Elan filed a Tender Offer Statement on Form TO with the Securities and Exchange
Commission today. Elan will make available to LYONs holders, through The
Depository Trust Company, documents specifying the terms, conditions and
procedures for surrendering for purchase and withdrawing LYONs. LYONs holders
are encouraged to read these documents carefully before making any decision with
respect to the surrender of LYONs, because these documents contain important
information regarding the details of Elan's obligation to purchase LYONs.

The LYONs are exchangeable into 13.75 Elan ADSs per $1,000 principal amount at
maturity of LYONs, subject to certain conditions set forth in the indenture and
in the LYONs, and subject to adjustment under certain circumstances.

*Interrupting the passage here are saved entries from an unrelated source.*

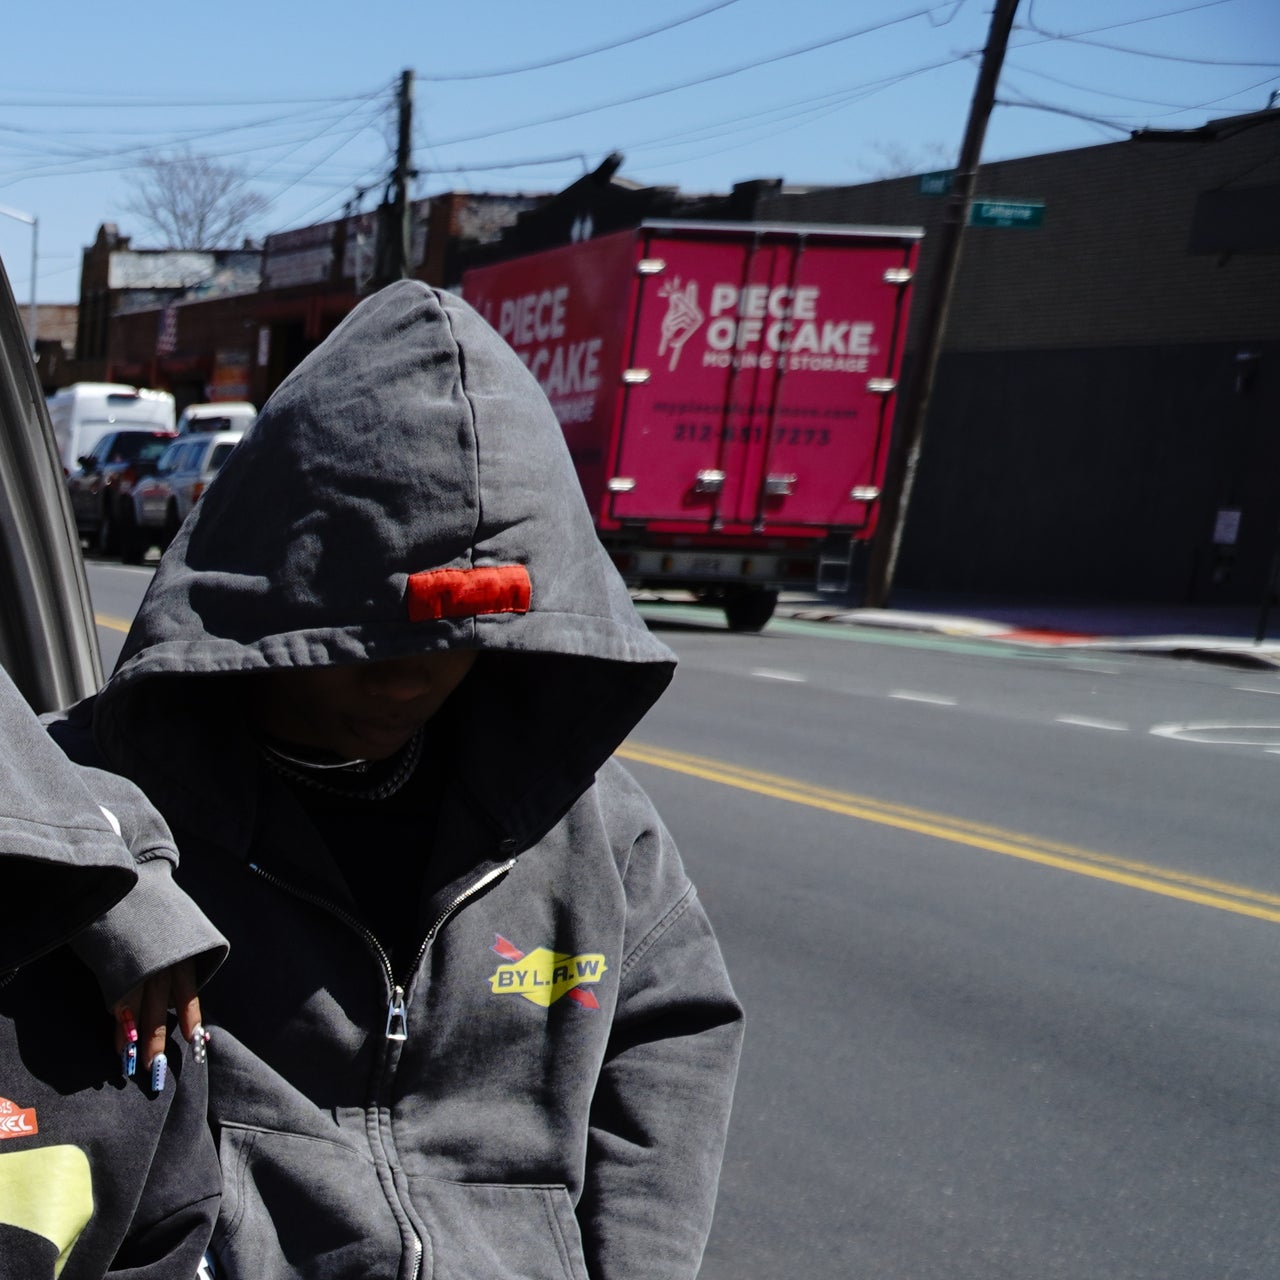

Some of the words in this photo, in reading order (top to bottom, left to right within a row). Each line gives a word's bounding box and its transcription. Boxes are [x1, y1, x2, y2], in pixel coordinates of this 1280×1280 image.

[500, 287, 570, 345] PIECE
[710, 283, 820, 320] PIECE
[706, 317, 763, 351] OF
[765, 321, 874, 356] CAKE
[531, 336, 602, 397] CAKE
[790, 356, 870, 373] STORAGE
[498, 970, 528, 987] BY
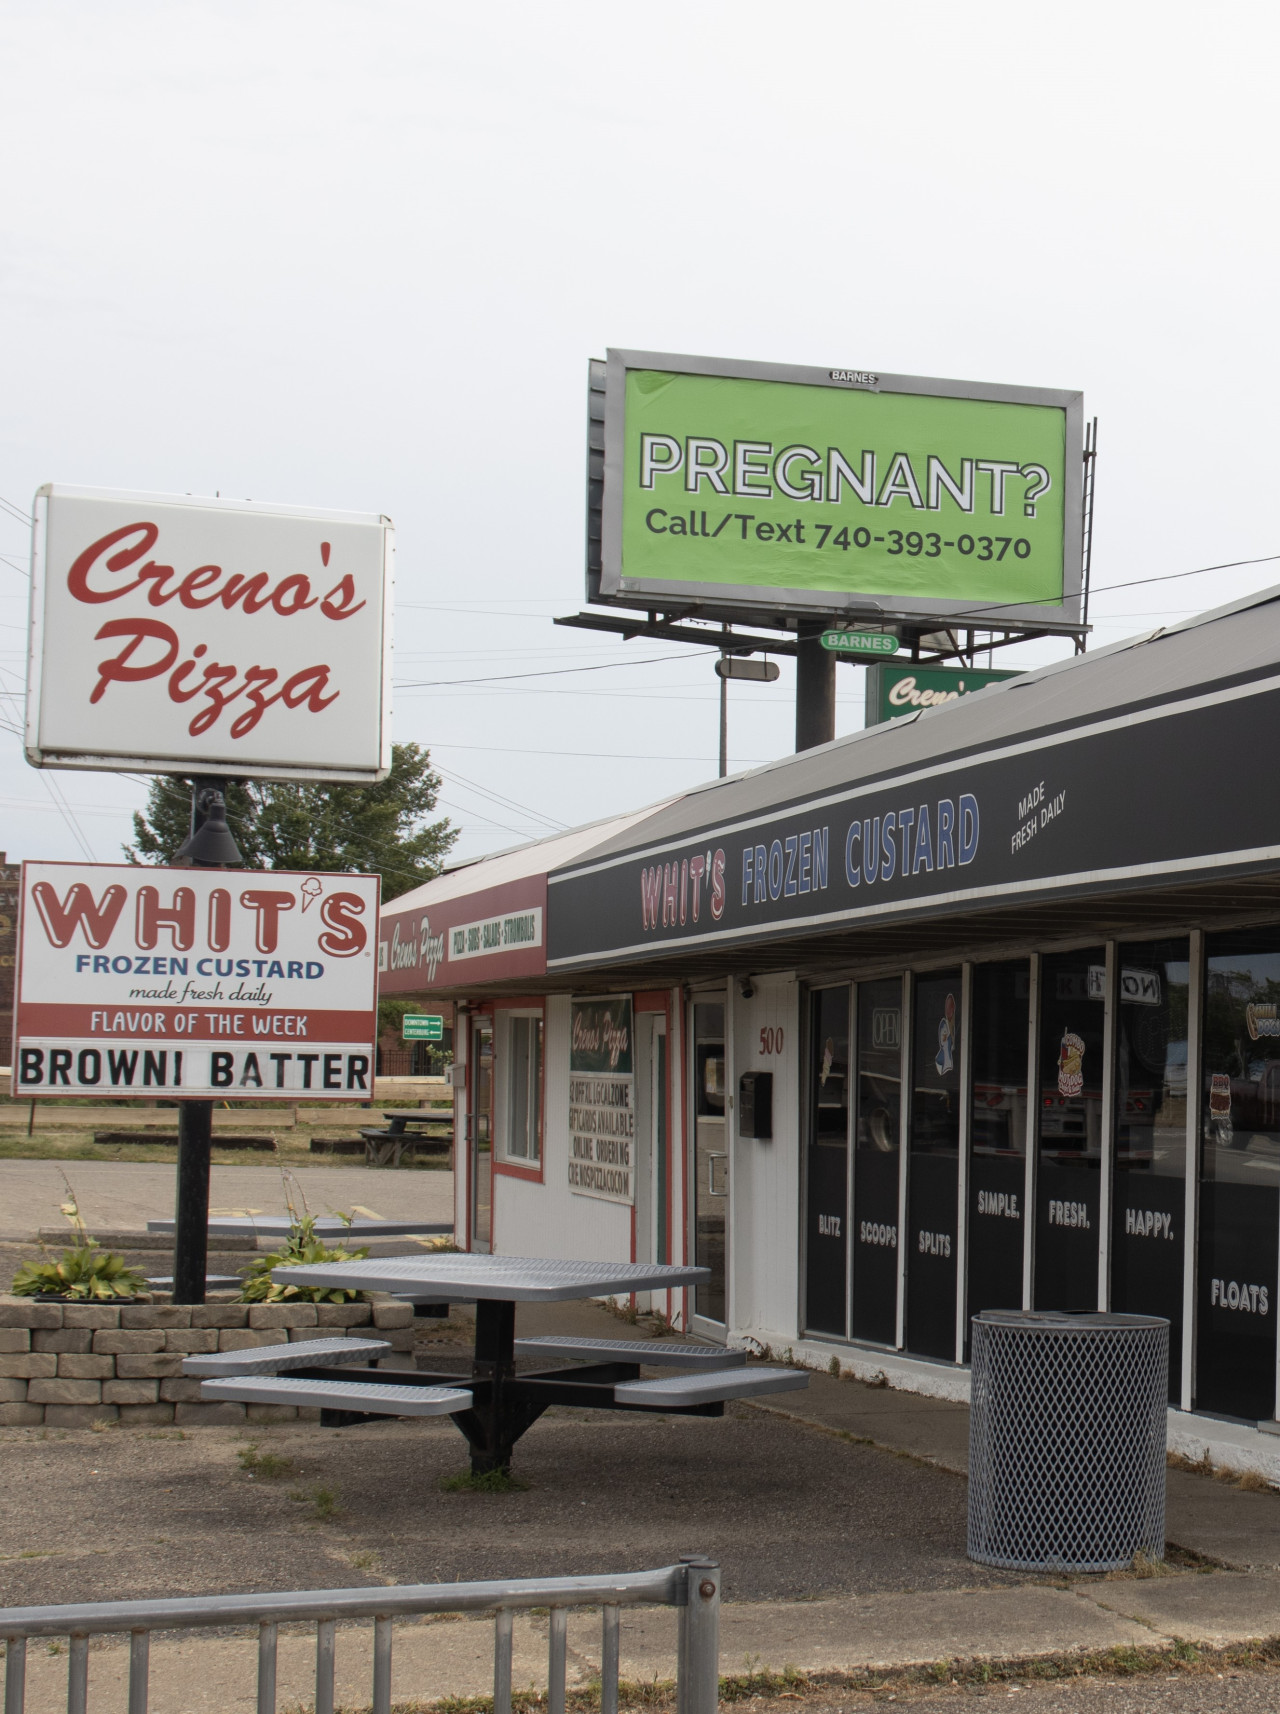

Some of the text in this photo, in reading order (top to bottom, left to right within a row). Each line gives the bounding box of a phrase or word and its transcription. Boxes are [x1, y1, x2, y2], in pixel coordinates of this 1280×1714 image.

[831, 371, 876, 384] BARNES
[639, 432, 1052, 518] PREGNANT?
[645, 507, 1032, 562] Call/Text 740-393-0370
[67, 521, 367, 621] Creno's
[827, 634, 892, 650] BARNES
[89, 617, 340, 740] Pizza
[888, 676, 971, 706] Creno'
[1017, 780, 1046, 821] MADE
[1010, 789, 1067, 855] FRESH DAILY
[640, 793, 980, 931] WHIT'S FROZEN CUSTARD
[31, 877, 368, 958] WHIT'S
[483, 921, 501, 949] SALADS
[503, 914, 535, 945] STROMBOLIS
[419, 915, 444, 982] Pizza
[75, 954, 325, 980] FROZEN CUSTARD
[129, 980, 273, 1005] made fresh daily
[90, 1011, 308, 1036] FLAVOR OF THE WEEK
[601, 1010, 629, 1066] Pizza
[874, 1013, 900, 1044] OPEN
[758, 1026, 784, 1055] 500
[20, 1047, 369, 1090] BROWNI BATTER
[1212, 1074, 1230, 1089] BBQ
[598, 1111, 633, 1137] AVAILABLE
[573, 1136, 629, 1166] ONLINE ORDERING
[977, 1190, 1021, 1220] SIMPLE.
[1048, 1200, 1091, 1230] FRESH.
[818, 1214, 841, 1238] BLITZ
[860, 1221, 897, 1249] SCOOPS
[1125, 1208, 1175, 1241] HAPPY.
[918, 1230, 951, 1258] SPLITS
[1210, 1277, 1269, 1316] FLOATS
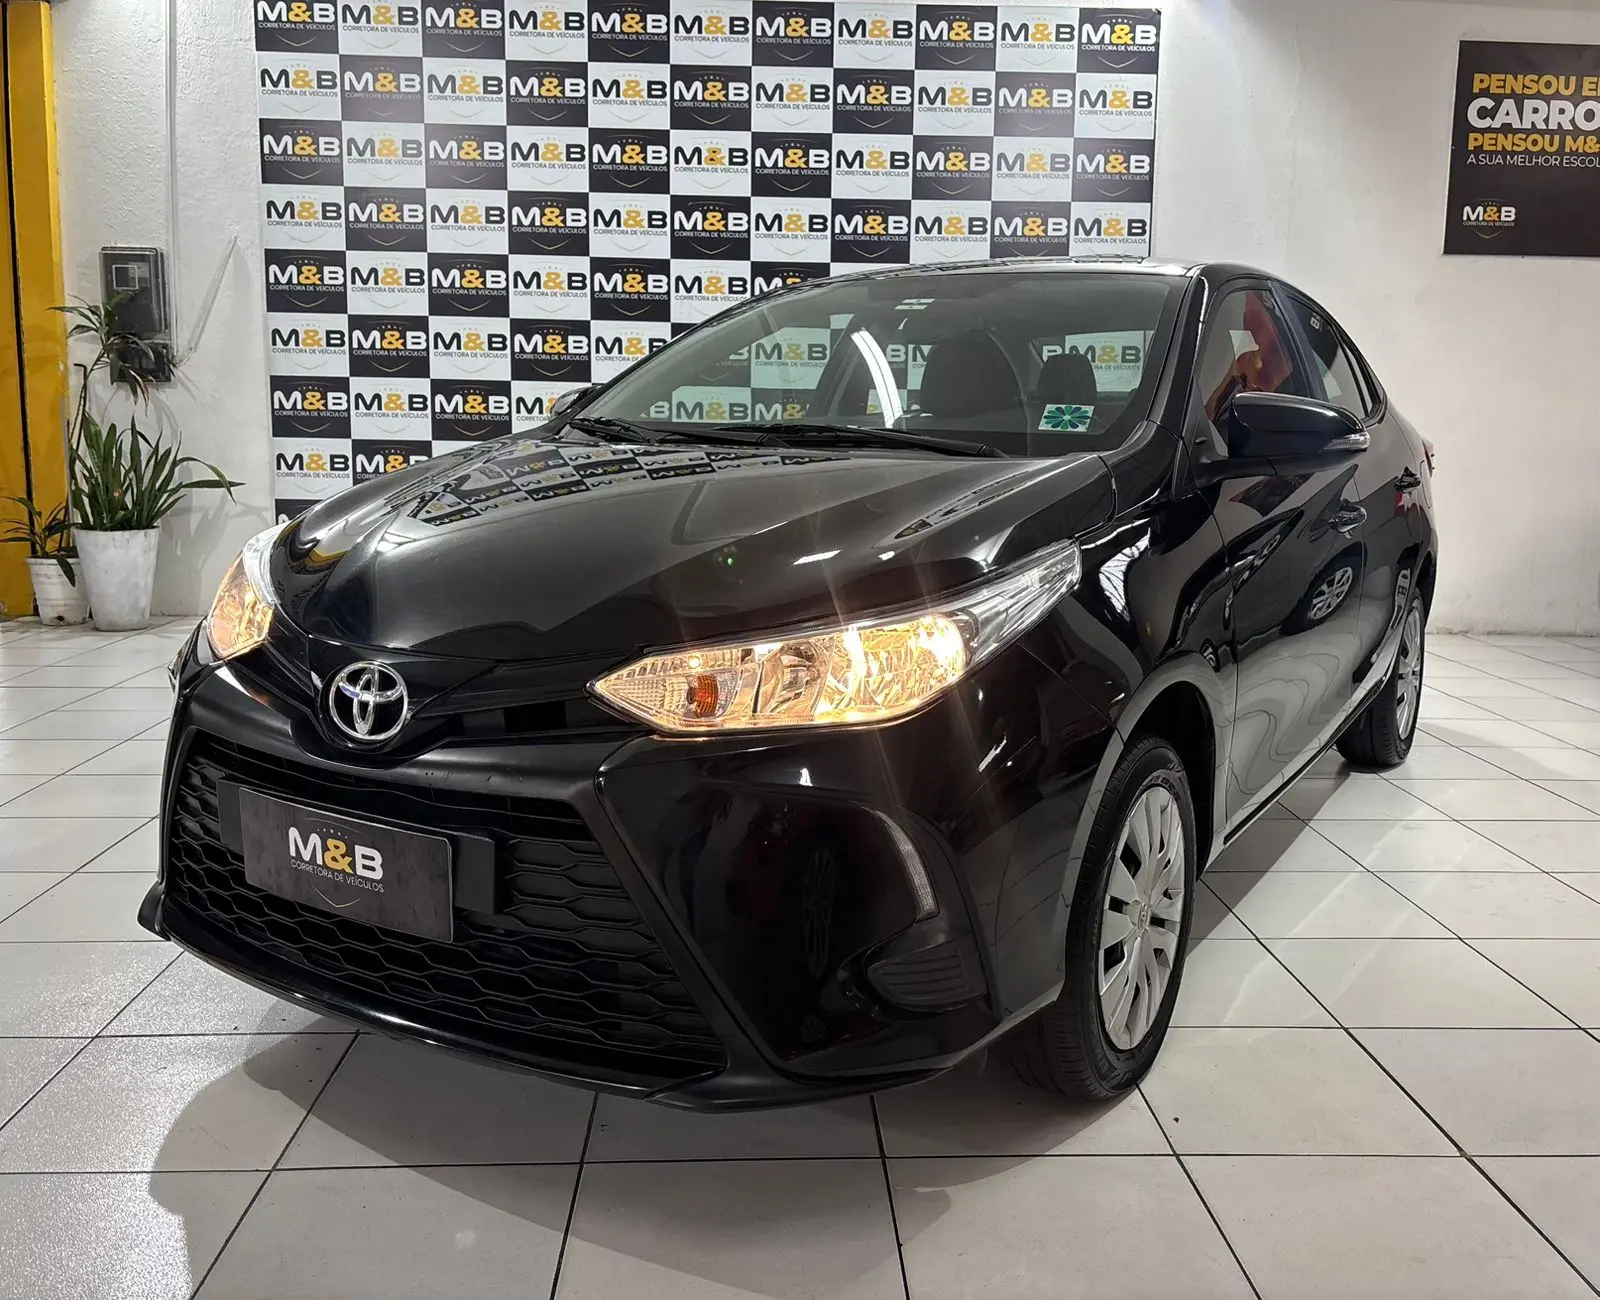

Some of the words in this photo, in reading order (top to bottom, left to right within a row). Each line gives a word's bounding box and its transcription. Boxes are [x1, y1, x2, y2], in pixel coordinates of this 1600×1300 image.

[259, 2, 335, 23] M&B
[342, 4, 418, 26] M&B
[426, 7, 502, 28] M&B
[509, 10, 584, 31] M&B
[592, 12, 667, 33] M&B
[674, 14, 749, 35] M&B
[756, 16, 831, 37] M&B
[838, 18, 913, 39] M&B
[920, 20, 994, 41] M&B
[1001, 22, 1075, 42] M&B
[1082, 23, 1156, 43] M&B
[261, 68, 337, 90] M&B
[344, 71, 420, 92] M&B
[427, 74, 503, 95] M&B
[510, 76, 585, 97] M&B
[592, 79, 667, 99] M&B
[1473, 74, 1576, 96] PENSOU
[1582, 76, 1600, 96] E
[674, 81, 749, 101] M&B
[756, 83, 830, 103] M&B
[837, 84, 911, 105] M&B
[918, 86, 992, 106] M&B
[999, 88, 1072, 107] M&B
[1079, 89, 1153, 109] M&B
[1467, 98, 1600, 130] CARRO
[264, 135, 340, 155] M&B
[346, 137, 422, 158] M&B
[429, 140, 504, 160] M&B
[511, 142, 586, 162] M&B
[1468, 133, 1560, 152] PENSOU
[593, 144, 667, 164] M&B
[674, 146, 749, 166] M&B
[755, 148, 829, 168] M&B
[836, 150, 910, 170] M&B
[917, 151, 990, 171] M&B
[997, 153, 1070, 172] M&B
[1077, 154, 1150, 173] M&B
[1467, 154, 1476, 164] A
[1479, 155, 1503, 165] SUA
[1507, 155, 1560, 166] MELHOR
[266, 200, 342, 220] M&B
[348, 202, 424, 223] M&B
[430, 205, 505, 225] M&B
[512, 207, 587, 227] M&B
[593, 209, 668, 229] M&B
[1463, 206, 1516, 221] M&B
[674, 211, 748, 231] M&B
[755, 212, 829, 232] M&B
[835, 214, 909, 234] M&B
[915, 216, 988, 235] M&B
[995, 217, 1068, 236] M&B
[1074, 218, 1147, 237] M&B
[269, 264, 344, 284] M&B
[350, 267, 426, 286] M&B
[432, 269, 507, 289] M&B
[513, 271, 587, 291] M&B
[594, 273, 668, 293] M&B
[674, 274, 748, 294] M&B
[271, 328, 346, 347] M&B
[352, 330, 427, 349] M&B
[433, 332, 508, 352] M&B
[514, 334, 588, 354] M&B
[754, 342, 827, 360] M&B
[273, 391, 348, 409] M&B
[354, 393, 429, 412] M&B
[435, 394, 509, 414] M&B
[676, 401, 749, 420] M&B
[276, 453, 350, 471] M&B
[288, 827, 384, 880] M&B
[290, 860, 333, 879] CORRETORA
[334, 871, 344, 883] DE
[346, 874, 384, 892] VEÍCULOS

This press release does not constitute an offer to purchase LYONs. The offer to
purchase is made solely by Elan's notice dated November 14, 2003.

About Elan
Elan is focused on the discovery, development, manufacturing, selling and
marketing of novel therapeutic products in neurology, pain management and
autoimmune diseases. Elan shares trade on the New York, London and Irish Stock
Exchanges.

The recent offerings of Ordinary Shares and Guaranteed Convertible Notes were
made outside the United States to non-U.S. persons in reliance on Regulation S
under the Securities Act of 1933, as amended (the "Securities Act"). The
Ordinary Shares, the Guaranteed Convertible Notes, the guarantee of the
Guaranteed Convertible Notes and the shares to be issued upon conversion of the
Guaranteed Convertible Notes have not been and will not be registered under the
Securities Act and, unless so registered, may not be offered, sold or
distributed within the United States or to U.S. persons (as defined in
Regulation S under the Securities Act) except pursuant to an exemption from, or
in a transaction not subject to, the registration requirements of the Securities
Act. This release does not constitute an offer to sell or the solicitation of an
offer to buy any Guaranteed Convertible Notes or Ordinary Shares.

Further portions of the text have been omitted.